When Phil met Marlo, they were so famous that last names were superfluous. Maybe they still are, more than 40 years later, as this pair of octogenarians sit in their New York City apartment and say …
He: “Jimmy and Rosalynn Carter have been married for 74 years this July. They read the Bible to each other every night before going to bed.”
She: “We aren’t experts or psychologists. We just went out to find out what makes marriages last.”
They are, befitting these troubled times, talking to and seeing me on a computer screen, as I am them. They look very good. He (last name Donahue) is 84 years old. She (last name Thomas) is 80. They are eager to talk about their new book, their first literary collaboration which is titled What Makes a Marriage Last: 40 Celebrated Couples Share with Us the Secrets to a Happy Life (HarperOne).
That title is somewhat misleading. This is not a “how-to” manual. Nor does it give some sort of quick-fix answers that would make it suitable for the self-help section of your bookstore. Rather it is a collection of what amounts to short stories about love and the ways in which it can make you happy and drive you mad. It is tender and sweet at times but also peppered with such troubles as drug addiction, infidelity, money woes … the whole pile of humanity.
The 40 couples — which include Ron and Cheryl Howard (married in 1975), Lily Tomlin and Jane Wagner (2013 but together for decades), John McEnroe and Patty Smyth (1997), Deepak and Rita Chopra (1970), Mariska Hargitay and Peter Hermann (2004), Al Roker and Deborah Roberts (1995), Billy and Janice Crystal (1970), Alan and Arlene Alda (1957), and many more — the book is more than 600 pages long — offer all manner of honest insights.
The seed of his book came in 2019 when Marlo and Phil learned that friends of theirs were getting divorce after 38 years of marriage. They talked about marriage and what makes one work.

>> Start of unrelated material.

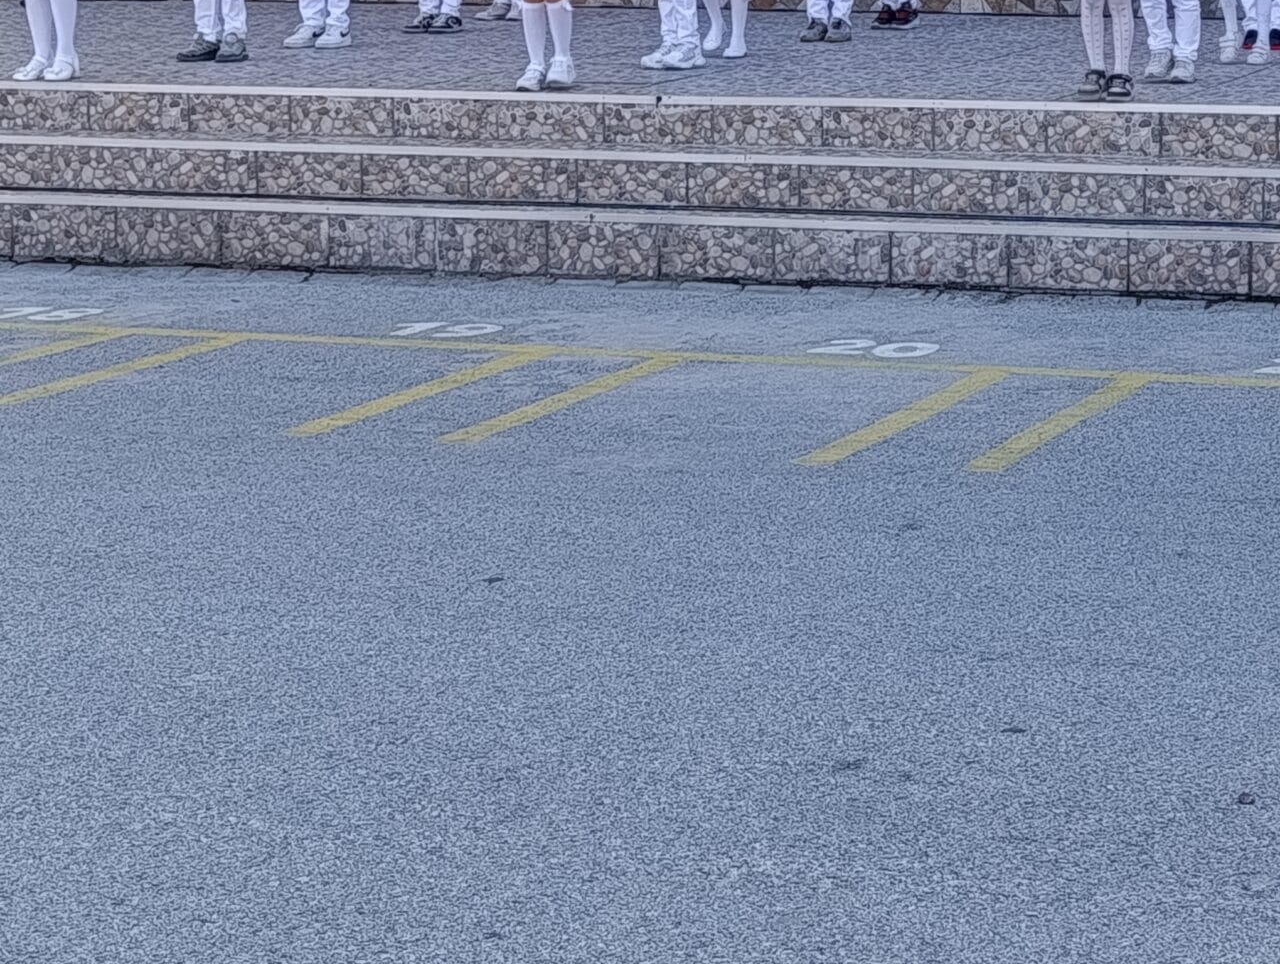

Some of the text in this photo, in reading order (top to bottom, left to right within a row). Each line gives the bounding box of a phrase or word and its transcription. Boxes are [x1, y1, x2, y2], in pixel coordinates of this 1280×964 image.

They drifted back to the past, to 1977 when Marlo, the daughter of famous comedian Danny Thomas, title star of an ABC sitcom called That Girl, movie star and producer, notable feminist and “famously single,” was a guest on Phil’s his wildly popular and eponymous talk show which was taped here. He was a divorced father living in Winnetka where he was fathering four sons.
Now, when people watch a YouTube clip of a later interview, they will tell you that they can see sparks were flying, and they would not be wrong.
They started dating, split up for a short time and were married on May 21, 1980. They lived here for decade, Marlo commuting most of the time from jobs on the coasts. Then and ever since they have been remarkably private about their private lives. That’s admirable for such a high-profile pair.
And so they made a list of people they knew, or knew of, who had lengthy marriages. They started arranging interviews. The only couples to turn them down, gently mind you, were George and Laura Bush and Barack and Michelle Obama.
Kevin Bacon needed some persuasion, at first saying “no thanks” and telling them, “My piece of advice is not to take advice from celebrities.”
He finally agreed and he and his wife Kyra Sedgwick (1988) are compelling and forthright, talking about their losing millions due to Bernie Madoff. Most every one of the couples has something to offer.
“We immediately discovered that the more we shared about our relationship the more they opened up about theirs,” Phil says. “We first thought these interviews might be 20, 30 minutes. They would be two, three hours.”
They share some of themselves in throughout the conversations. They also do so in a pair of short forewords in which we learn “Marriage. Wow. I was the girl who never wanted any part of it. That’s because marriage didn’t seem like a roomy enough place for me — and that’s putting it nicely” (Marlo) and “I knew from the moment I met her in the dressing room that here was a guest who would never, ever let me die on the air. She also had a great body, and had the year been 1953 she would have been what we Catholics called an ‘impure thought’” (Phil).
They travelled across the country and made one trip to Canada, to see Elton John and David Furnish (2014). They were determined for a face-to-face encounter. “Sort of like we were having double dates,” said Marlo. Many of the couples provided snacks and drink.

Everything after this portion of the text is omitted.